#### YOUR GOAL:
Set down the entries again word for word, without any of the images.

[Dataset entries]

Content starts

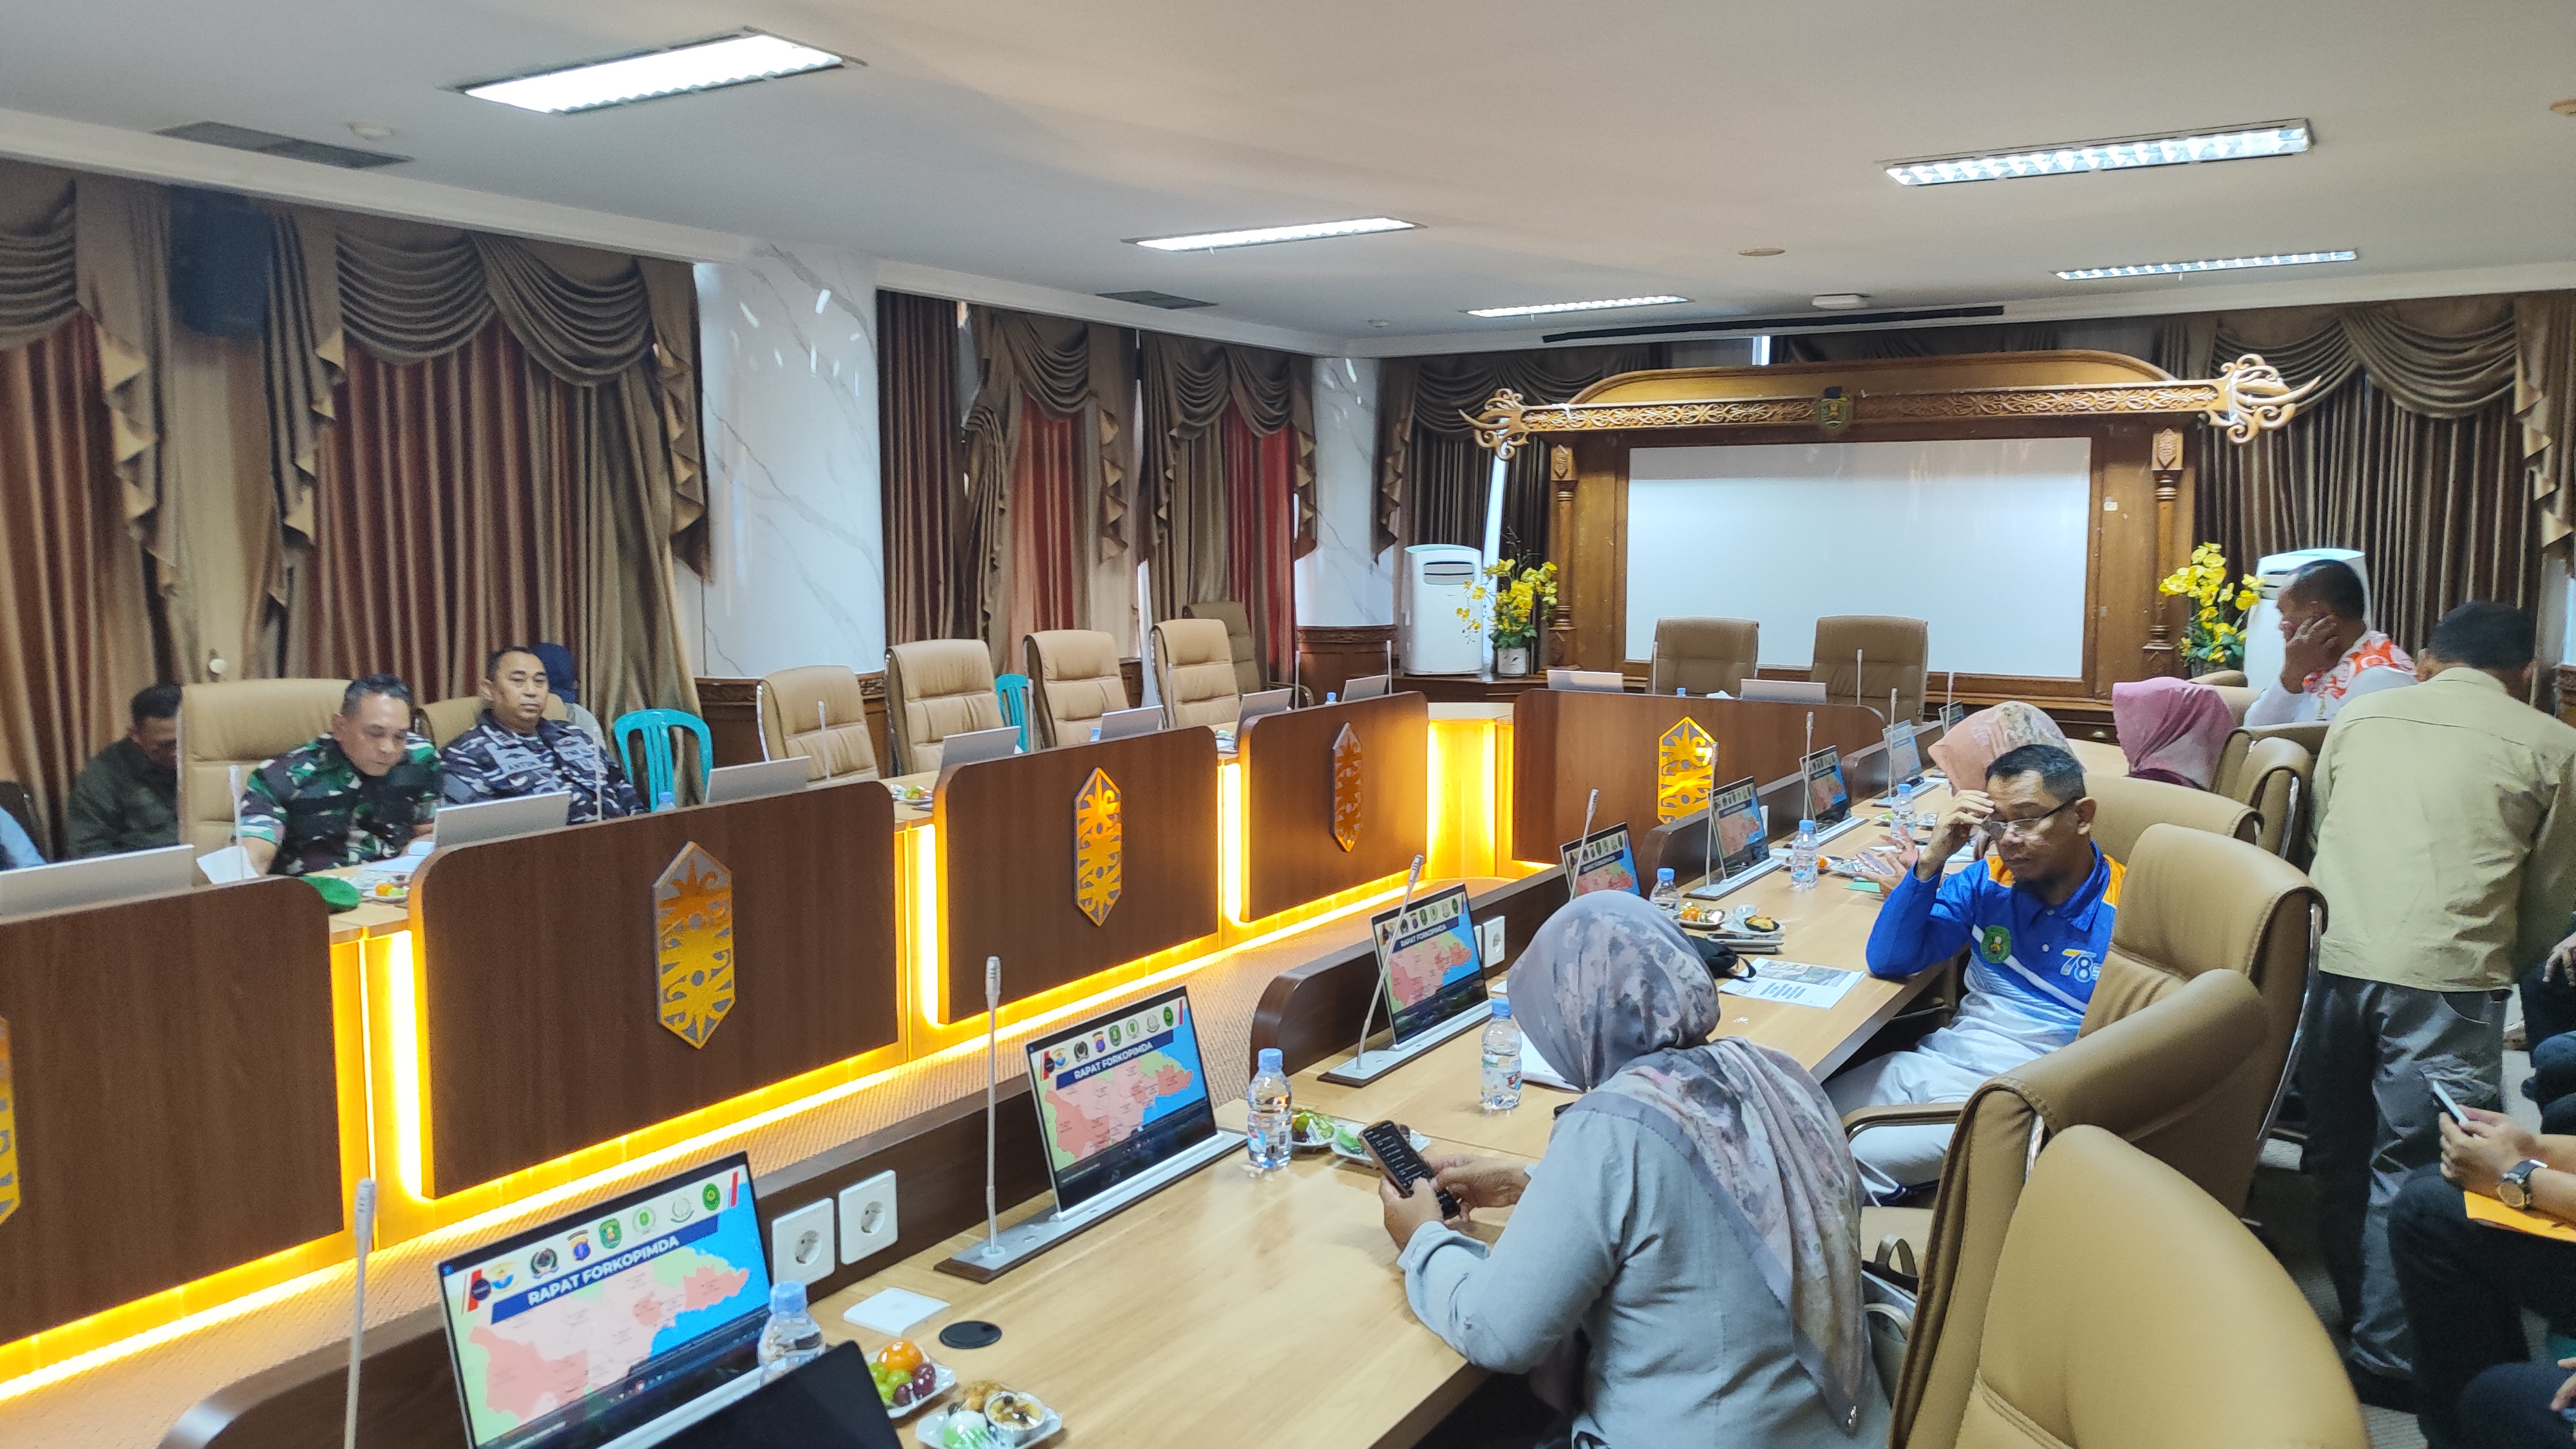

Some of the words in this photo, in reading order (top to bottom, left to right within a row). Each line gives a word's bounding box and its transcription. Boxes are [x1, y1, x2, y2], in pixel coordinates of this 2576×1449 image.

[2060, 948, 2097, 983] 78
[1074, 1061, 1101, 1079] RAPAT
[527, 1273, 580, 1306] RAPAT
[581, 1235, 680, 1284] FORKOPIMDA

Content ends

#### EXERCISE ANSWER:
Some of the words in this photo, in reading order (top to bottom, left to right within a row). Each line gives a word's bounding box and its transcription. Boxes are [x1, y1, x2, y2], in pixel coordinates of this 2576×1449 image.

[2060, 948, 2097, 983] 78
[1074, 1061, 1101, 1079] RAPAT
[527, 1273, 580, 1306] RAPAT
[581, 1235, 680, 1284] FORKOPIMDA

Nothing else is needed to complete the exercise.